As we've moved to Chicago, I'm finding myself in an all too familiar 'girlfriendless' territory. The beauty of this situation, however, is that I have a real chance to turn my circumstances around. I really could have always turned my circumstances around, it just would have been a lot harder and taken a lot more effort. I'm determined to not let this opportunity slip me by. We've been so blessed to have had a lot of people be so open and friendly to us already. (Side note: people that aren't LDS, how on earth do you meet new people when you move into town? Especially if you have kids, so it's not like you're going to the bars or anything every night.) 

This was such an important part in my self-discovery. I acknowledge the mistakes I've made with friendships in the past. I hope, as I cultivate new friendships here in Chicago, that I can be relaxed--anything anyone does for me is a bonus. In the past, I always had such ridiculous expectations for my friends to live up to. It took me getting married to start to realize that I can't expect people to read my mind. 

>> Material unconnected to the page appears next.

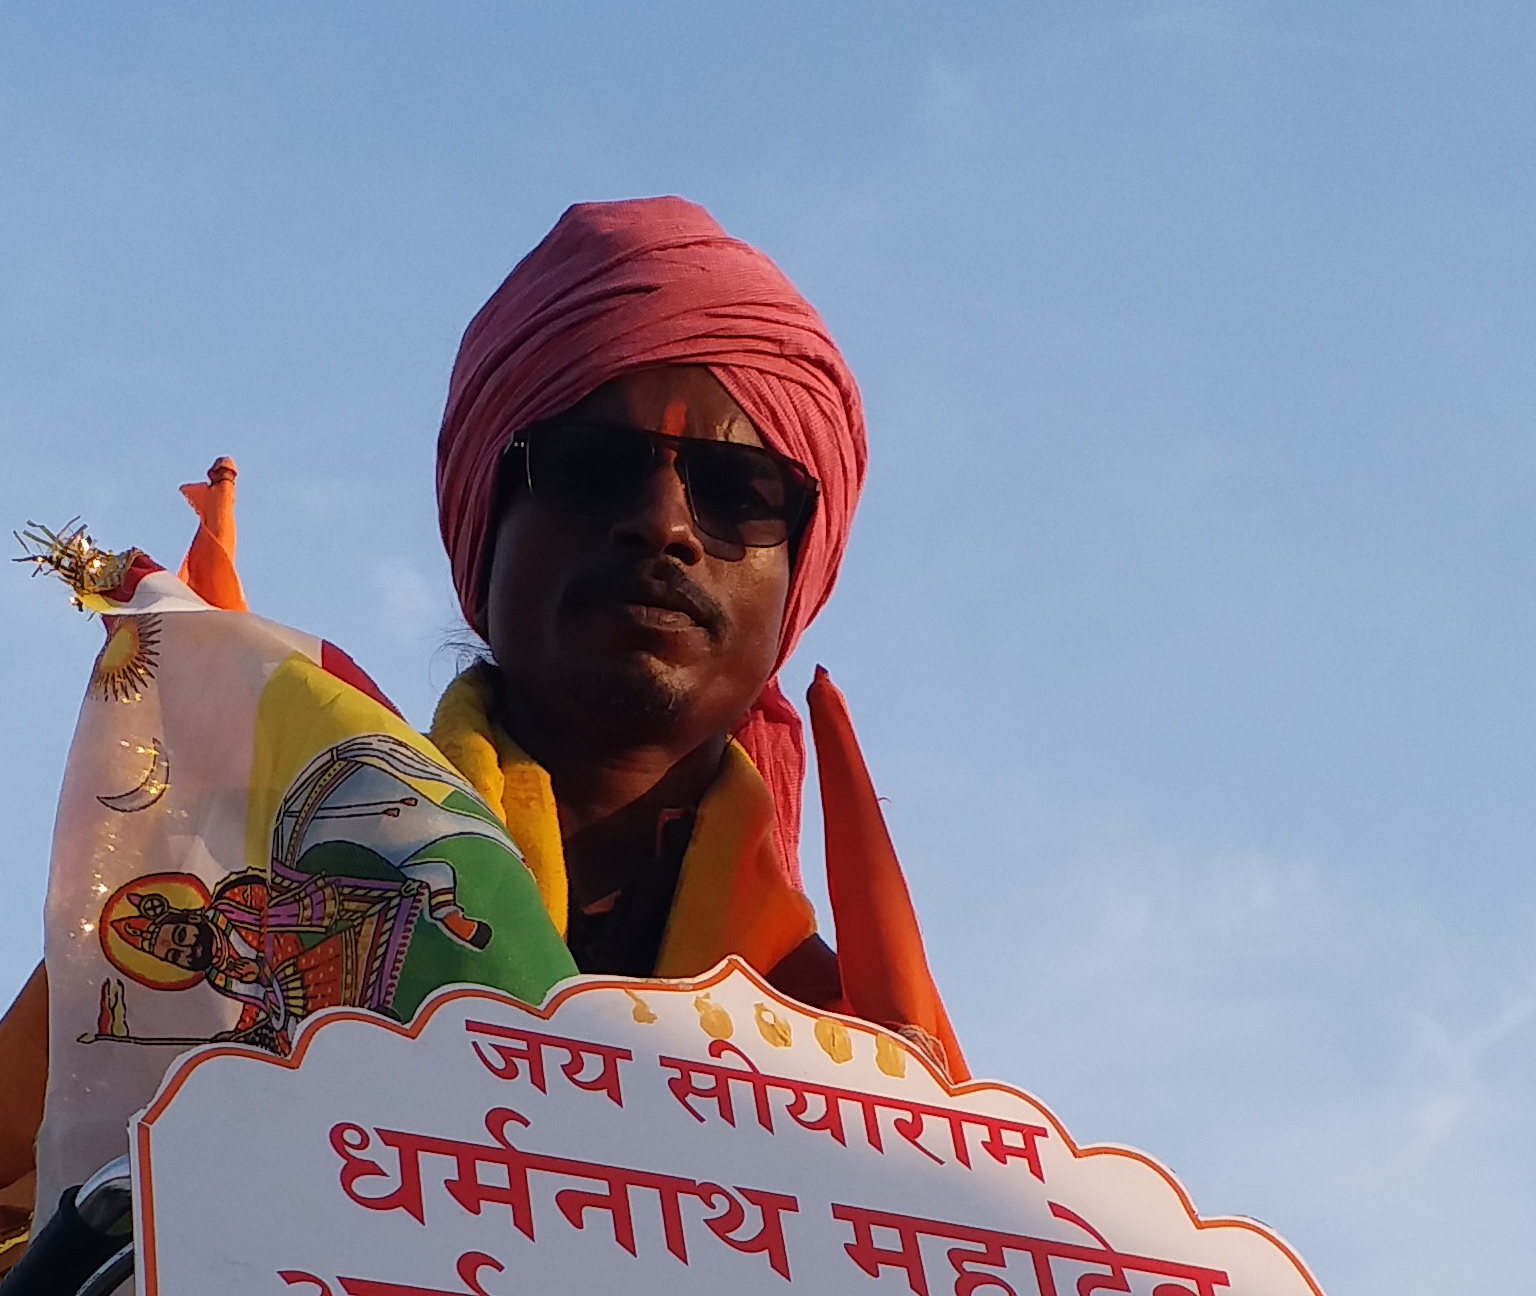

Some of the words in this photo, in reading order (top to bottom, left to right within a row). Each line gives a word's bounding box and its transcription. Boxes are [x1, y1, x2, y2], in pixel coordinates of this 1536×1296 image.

[465, 1021, 633, 1108] जय
[659, 1039, 1049, 1183] सीयाराम
[329, 1108, 799, 1281] धर्मनाथ

Who you will be friends with is always a mystery, so I need to give everyone a fair chance. In the past (so painful to admit this, but remember, I'm here to be real), I was so eager to get to the deep ties that bind friendships together that I thought I could weed out people based on comments made in large group settings, clothes they wore, amount of make-up applied, etc. It's not that I'm shallow and hold these aspects in high regard, I just figured it was a way to fast track the process. 

Finally, it's so important to have friends. In the really dark moments when my friends all had boyfriends and I felt really alone, I thought that it didn't matter. I didn't need close friends and could get by with just boyfriends or aquantances. That is so not the case! I can go the gym by myself, but it was so much more fun when I went with my sister, in Seattle. It's not that we always talked a lot while we were there or did the exact same workouts--it was about the companionship. I realize now that you need a variety of friends that can enrich your life in different ways. Going about life alone can be easier at times, but it's so not worth it. Friendship and companionship are worth the trouble!

When I've talked about this in the past, with other women, they always say "me too!" What the heck is wrong with us? Why do woman do this to ourselves?

What do you feel is your greatest attribute as a friend (this is your moment to brag, let it out)? What is something you want to work on as a friend?

Girls' Girl vs. Guys Girls...thoughts?

Anything else you want to say about it!